Hamburg. Das Abendblatt hat eine Einheit der Hamburger Polizei gut ein Jahr begleitet. Heute: Der Dienstgruppenleiter der A-Schicht am PK38.
Ein schlichter Pappkarton, vollgestopft mit Erinnerungen: Fotos, ausgedruckte Mails, Zeitungsausschnitte. Vor allem Zeitungsausschnitte sind es, die Jan Stahmer in dem Karton sammelt. Artikel aus dem Abendblatt, von „Mopo“ oder „Bild“ über Fälle, an denen er gearbeitet hat. Die ihn oft bewegt und manchmal auch erschüttert haben. Über den „Fall Yagmur“ sind es besonders viele Artikel geworden.
Zuletzt hat Jan Stahmer zweieinhalb Jahre lang die Dienstgruppe A am Polizeikommissariat 38 in Rahlstedt geleitet. Das Abendblatt hat ihn und seine Kolleginnen und Kollegen gut ein Jahr lang begleitet. In einer Serie stellen wir die Menschen vom PK38 vor und was sie als Streifenpolizistinnen und Streifenpolizisten erleben. Heute: was das mit dem zehn Jahre alten Fall Yagmur zu tun hat.
Polizei Hamburg: Das Schicksal Yagmurs hat Hamburg erschüttert
„Auch am Ende rinnen ihr keine Tränen über das Gesicht. Keine sichtbare Trauer um ihr gequältes Kind, keinerlei Anflug von Schuld an dem viel zu frühen Sterben der kleinen Yagmur stehlen sich in ihre Züge. Nur ein nervöses Zucken um Augen und Mund lässt erahnen, wie angespannt Melek Y. in diesen Augenblicken ist, da es um sie selber geht und um ihre Zukunft: Die Mutter der zu Tode geprügelten Dreijährigen erhält lebenslange Haft wegen Mordes.“ So beginnt ein Artikel. Abendblatt-Gerichtsreporterin Bettina Mittelacher hat ihn geschrieben, als sie über die Urteilsverkündung im „Fall Yagmur“ berichtete.

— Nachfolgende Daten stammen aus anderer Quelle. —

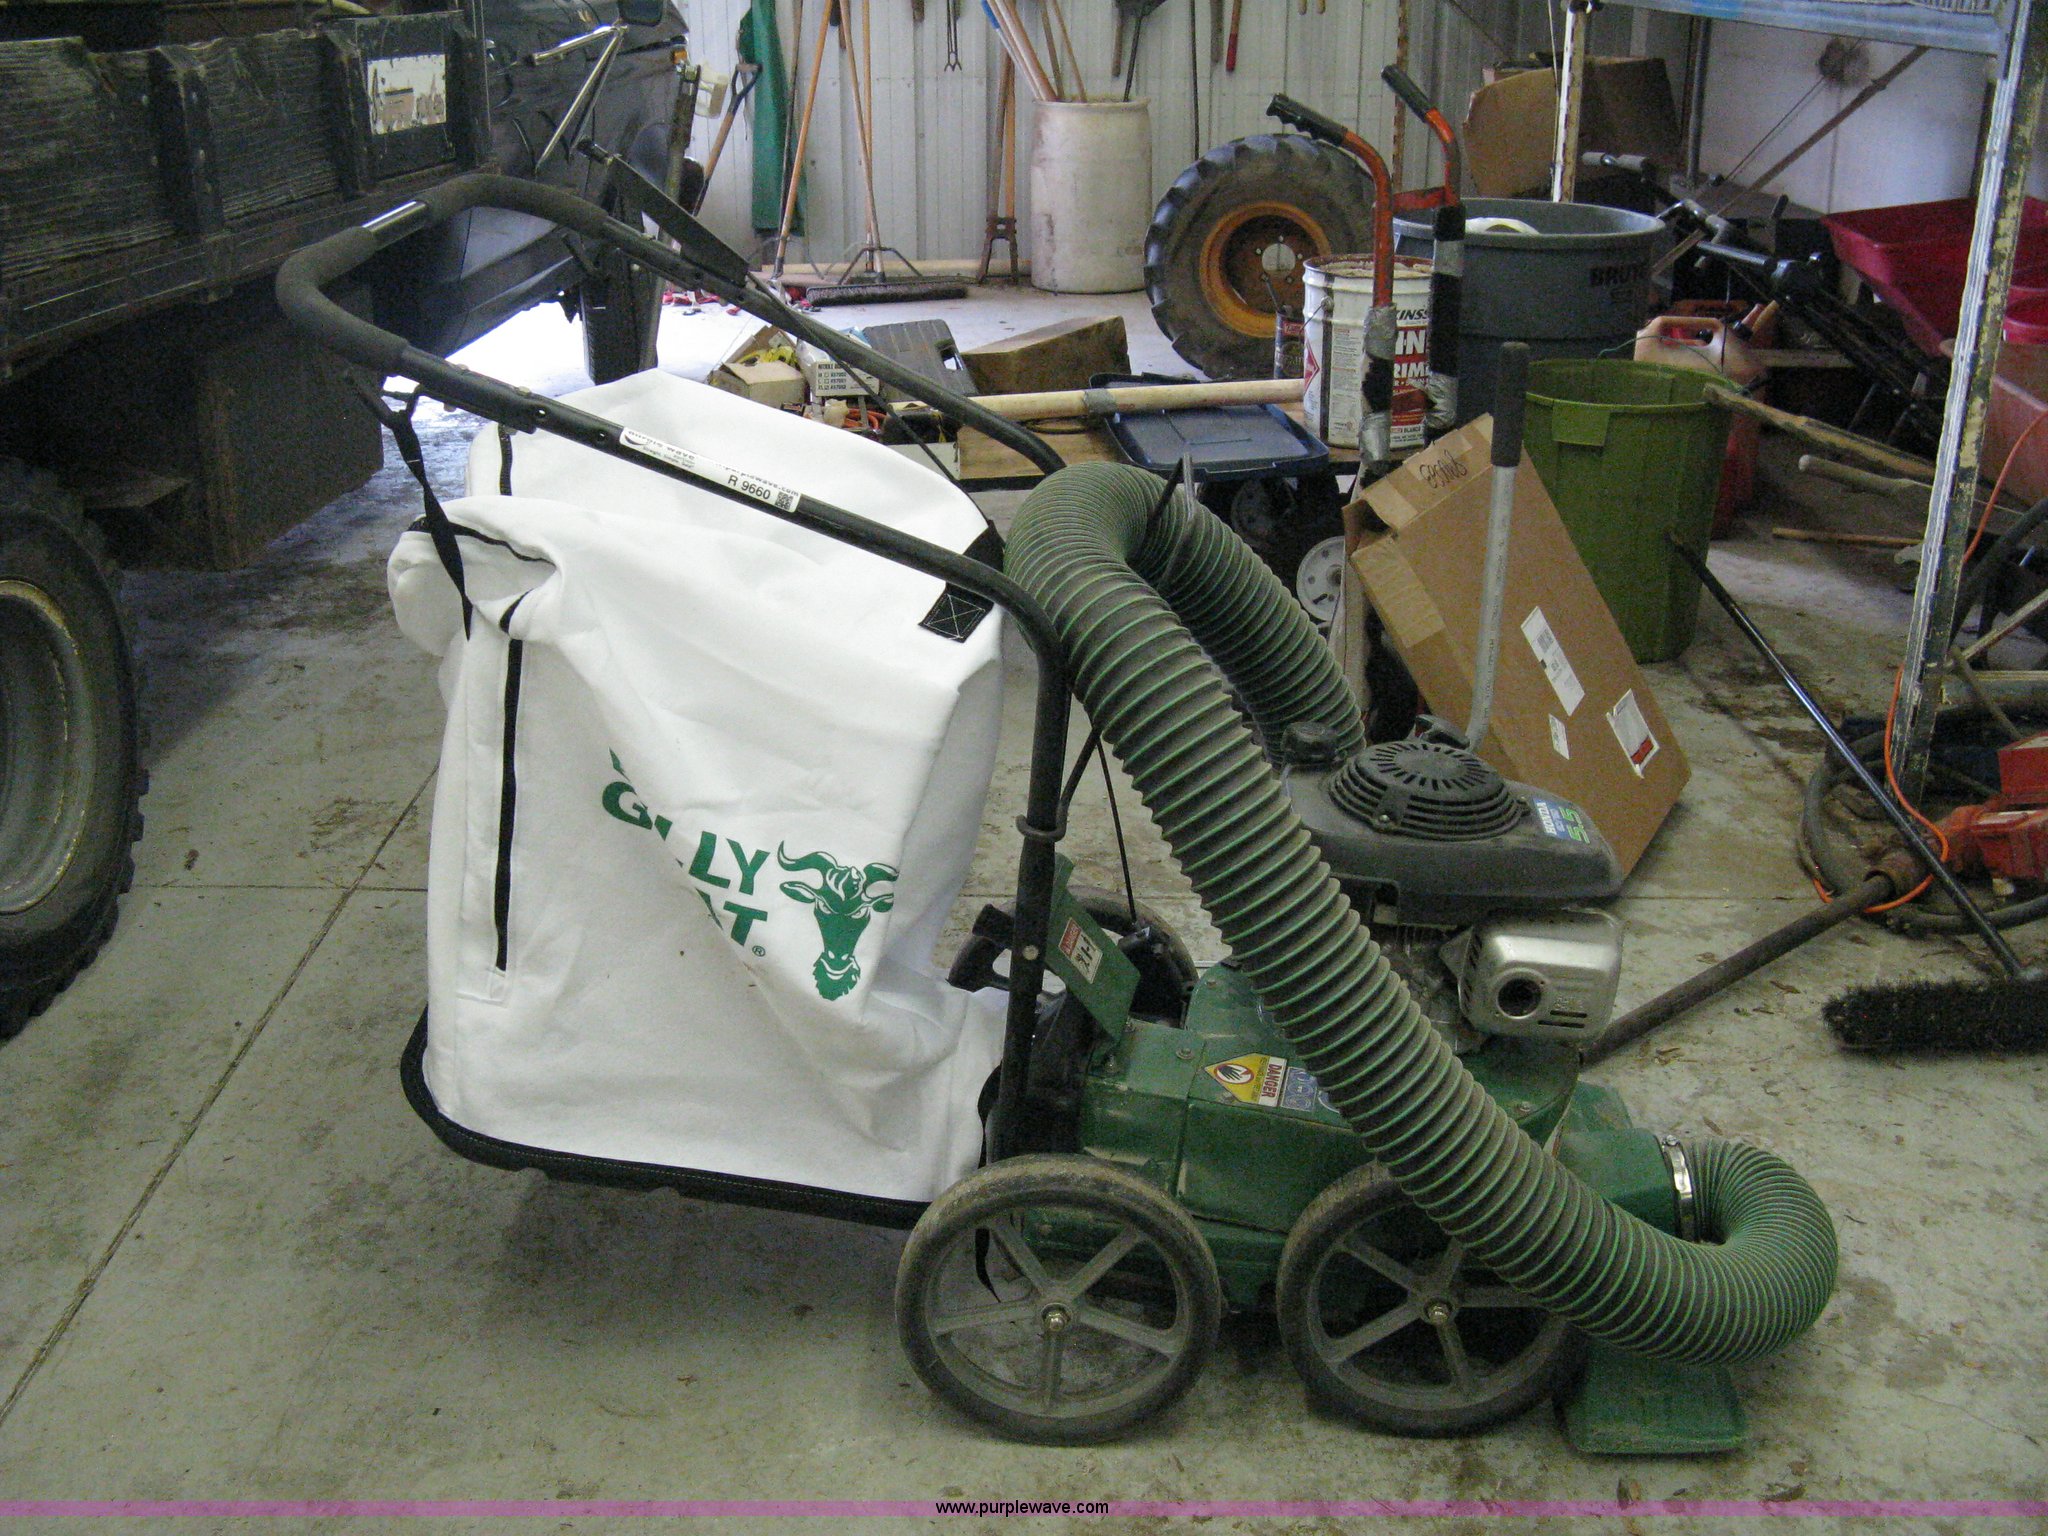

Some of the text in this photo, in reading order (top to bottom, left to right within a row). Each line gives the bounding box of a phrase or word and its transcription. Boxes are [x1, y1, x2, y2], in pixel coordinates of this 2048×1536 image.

[728, 474, 771, 500] R 9660
[1536, 802, 1557, 835] HONDA
[1261, 1063, 1283, 1098] DANGER
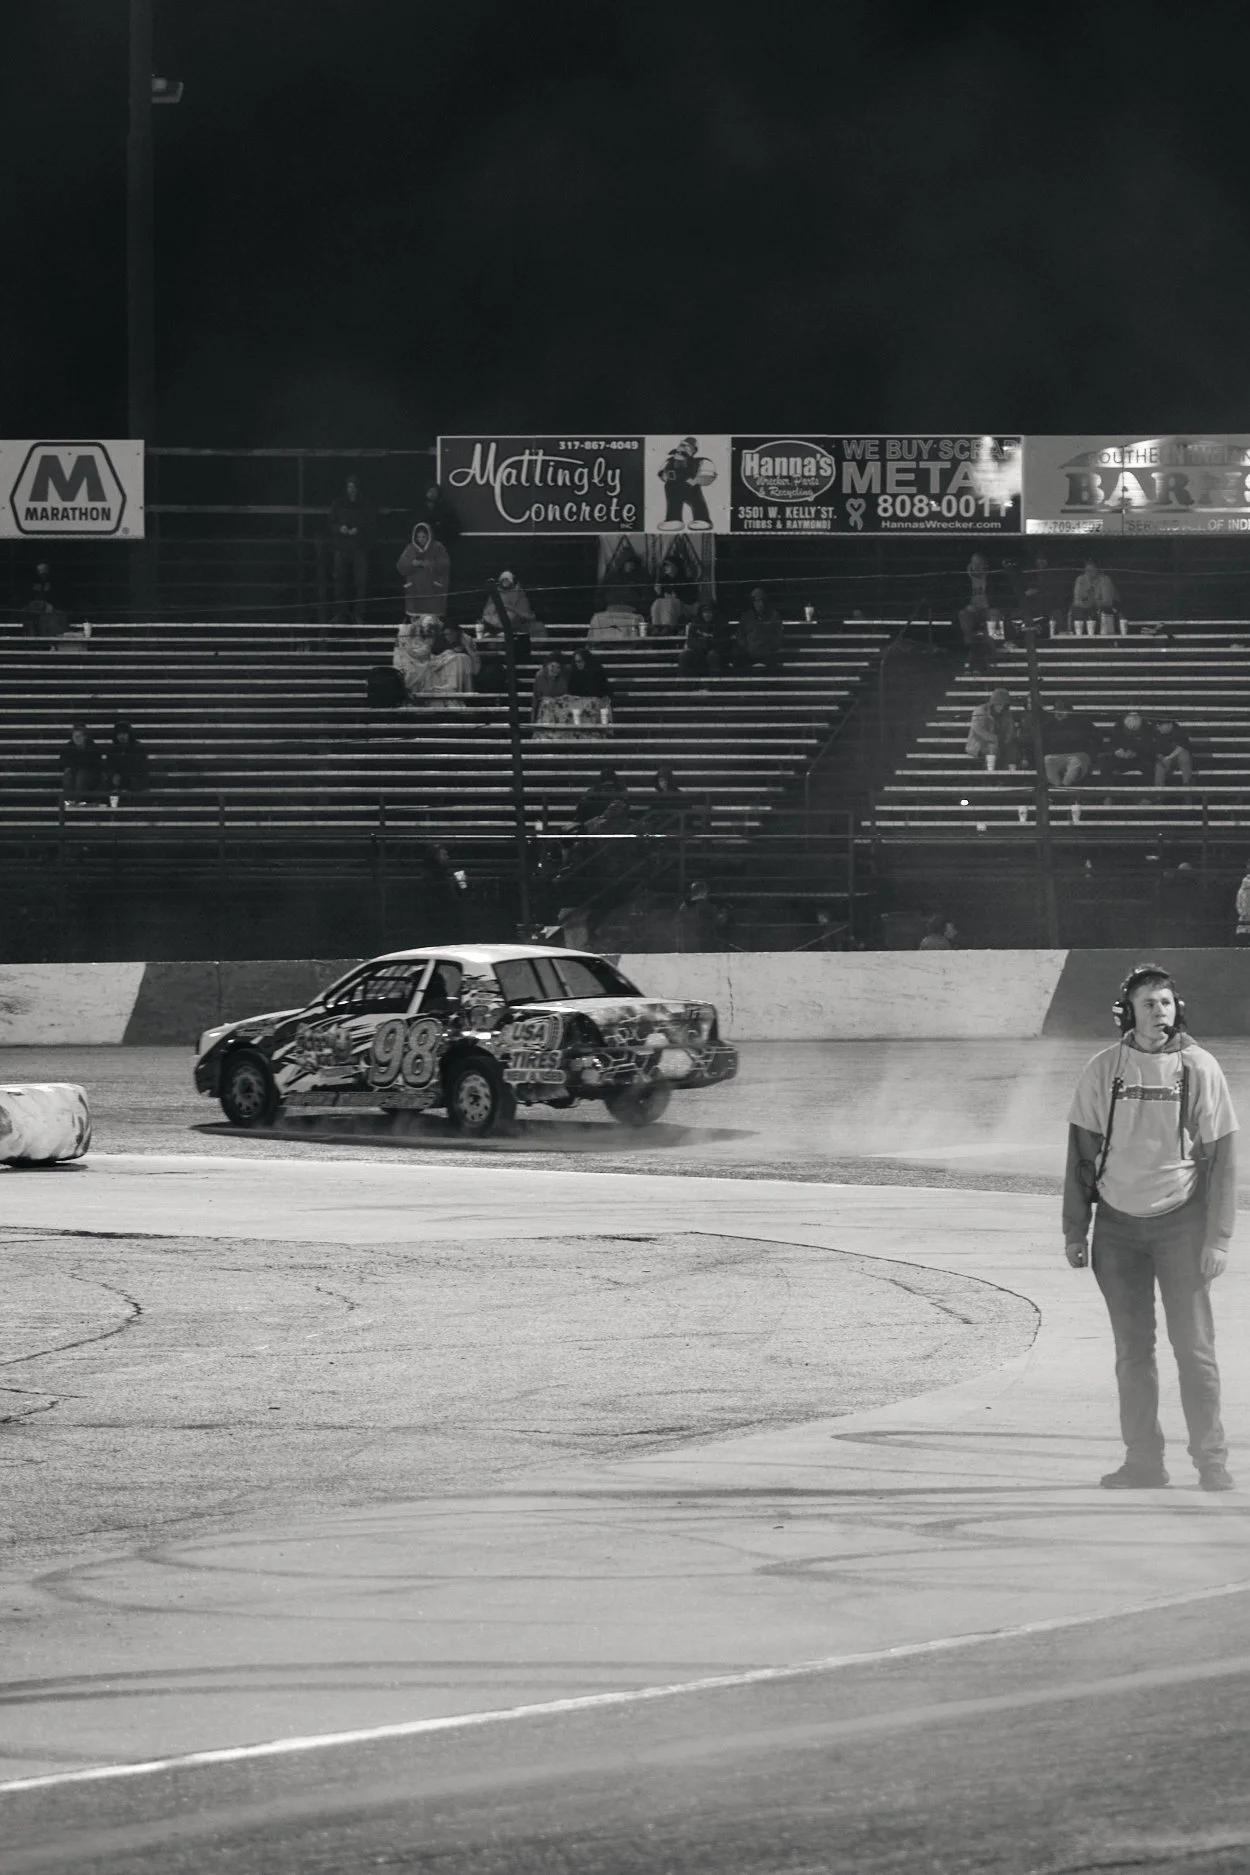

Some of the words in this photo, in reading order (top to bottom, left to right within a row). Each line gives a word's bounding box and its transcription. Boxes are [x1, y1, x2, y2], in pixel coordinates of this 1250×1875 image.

[842, 440, 880, 459] WE
[886, 440, 934, 459] BUY
[29, 455, 107, 502] M
[449, 441, 621, 496] Mattingly
[744, 453, 833, 477] Hanna's
[842, 461, 984, 494] META
[494, 472, 636, 524] Concrete
[738, 506, 764, 518] 3501
[768, 507, 781, 518] W.
[785, 507, 817, 518] KELLY
[820, 507, 837, 518] ST.
[24, 507, 111, 521] MARATHON
[881, 520, 1001, 529] HannasWrecker.com
[368, 1018, 443, 1089] 98
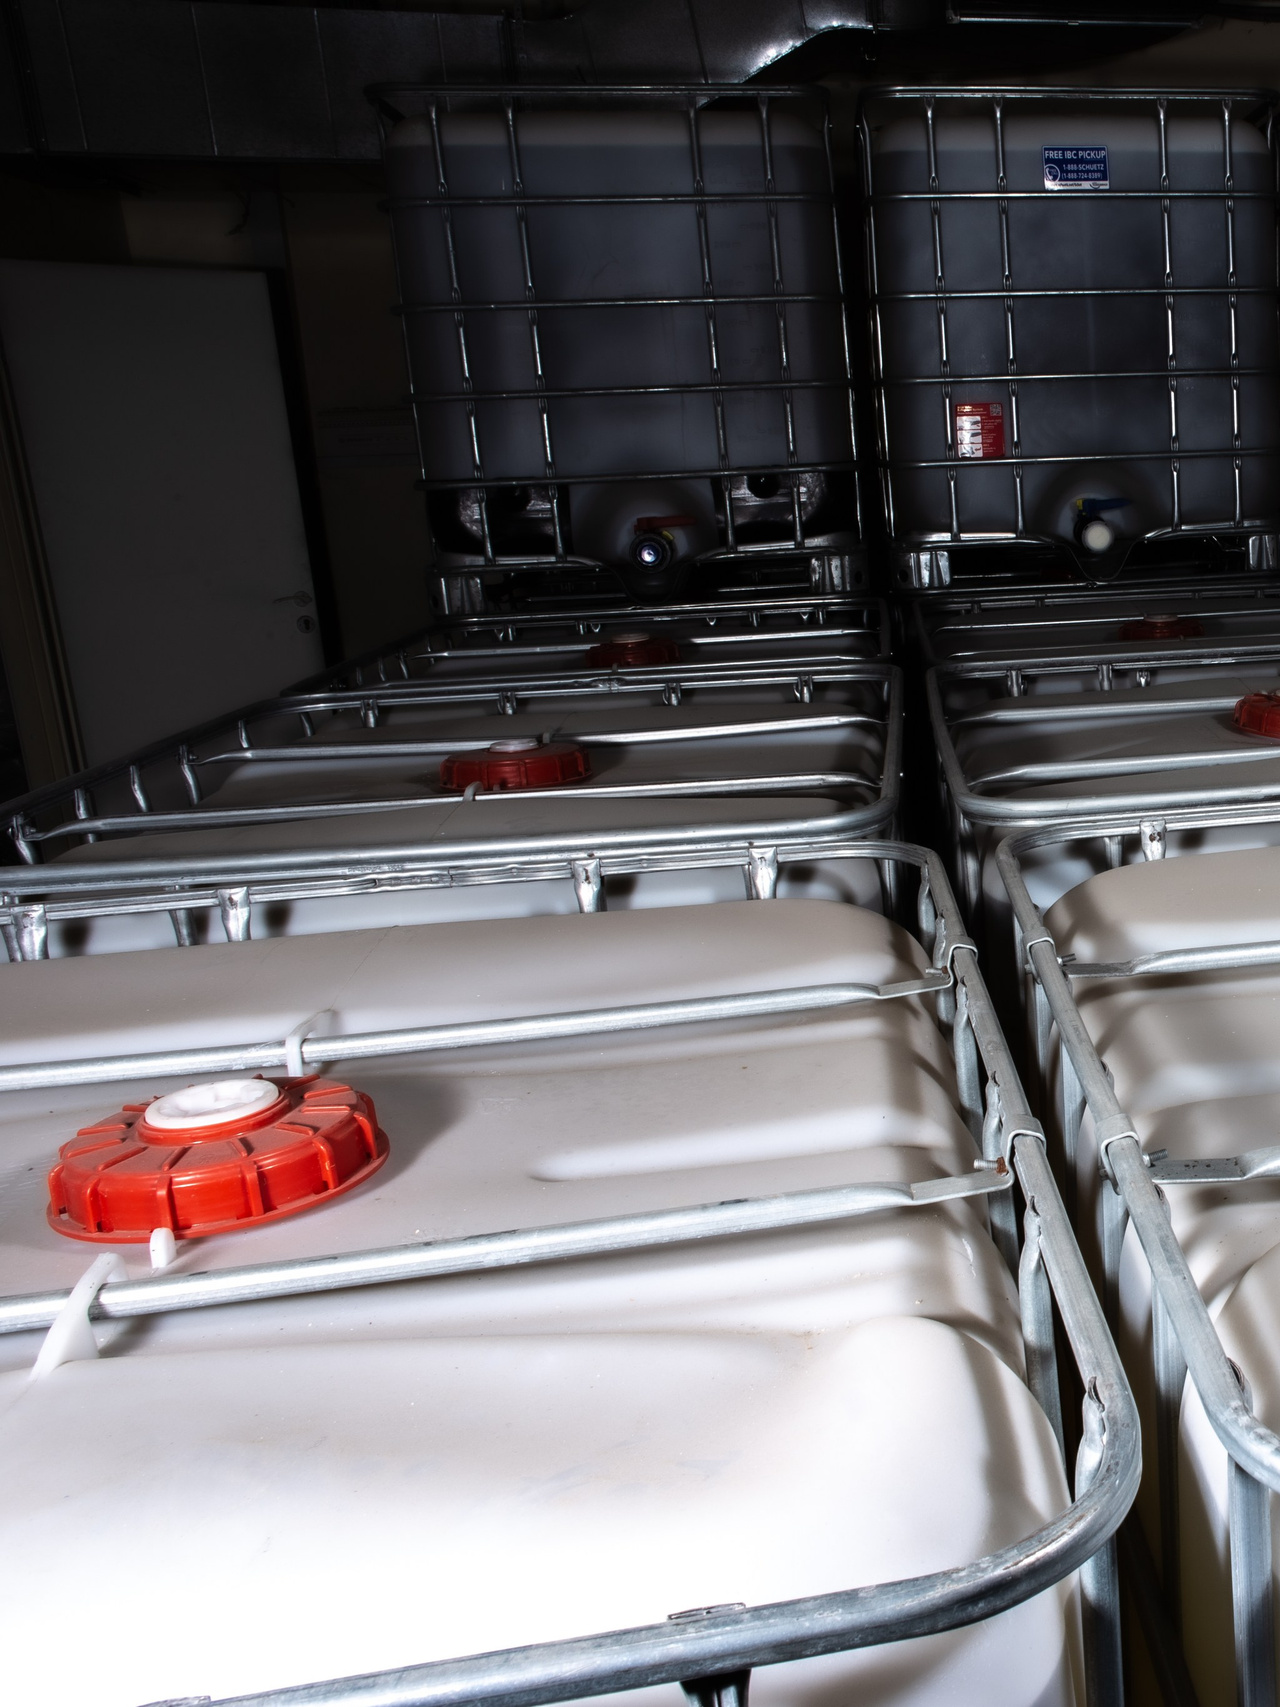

Yagmur, deren Schicksal Hamburg erschüttert hat, ist gerade einmal drei Jahre alt geworden. Es waren drei Jahre voller Gewalt und fehlender Liebe, bis es zu jenem endgültigen Ausbruch der Mutter kam, den das Mädchen nicht überleben sollte. Drei Jahre Hass – unterbrochen nur durch die zwischenzeitliche Obhut bei Pflegefamilien. Fast auf den Tag genau sind es zehn Jahre her, dass Melek Y. ihre Tochter misshandelte und dabei tötete.
Anrufer: Dreijährige schwer verletzt
Es sind die Erlebnisse am 18. Dezember 2013, die Jan Stahmer in seiner Arbeit als Polizist prägen werden. Der damals 28-Jährige und seine Kollegen sitzen an der Billstedter Wache beim Morgenbriefing zusammen, als sie von der Feuerwehr alarmiert werden. Es heißt, ein drei Jahre junges Mädchen müsse in einer Wohnung in Mümmelmannsberg reanimiert werden, von Verletzungen nach einem Sturz oder Unfall oder gar von Misshandlungen ist zunächst keine Rede.
Stahmer und sein Kollege gucken sich kurz an, dann nicken sich beide zu. Sie übernehmen, obwohl bei beiden sogleich die Erinnerung an einen Fall von vor gerade einmal einem Jahr hochkommt: die Erinnerung an einen vier Monate alten Säugling, getötet von der eigenen Mutter, als der Vater zur Arbeit ist. Sie hat das Baby im Wahn, sie müsse den Teufel austreiben, mit nassen Tüchern bedeckt – und dabei erstickt. Von der entsetzlichen Tat bekommen die beiden jungen Polizisten zunächst nichts mit. Sie hören nur von einer nackten Frau, die sich vor die Bahn stürzen wolle. Als Stahmer und sein Kollege eintreffen, kniet die Frau, immer noch nackt, auf dem Boden und betet.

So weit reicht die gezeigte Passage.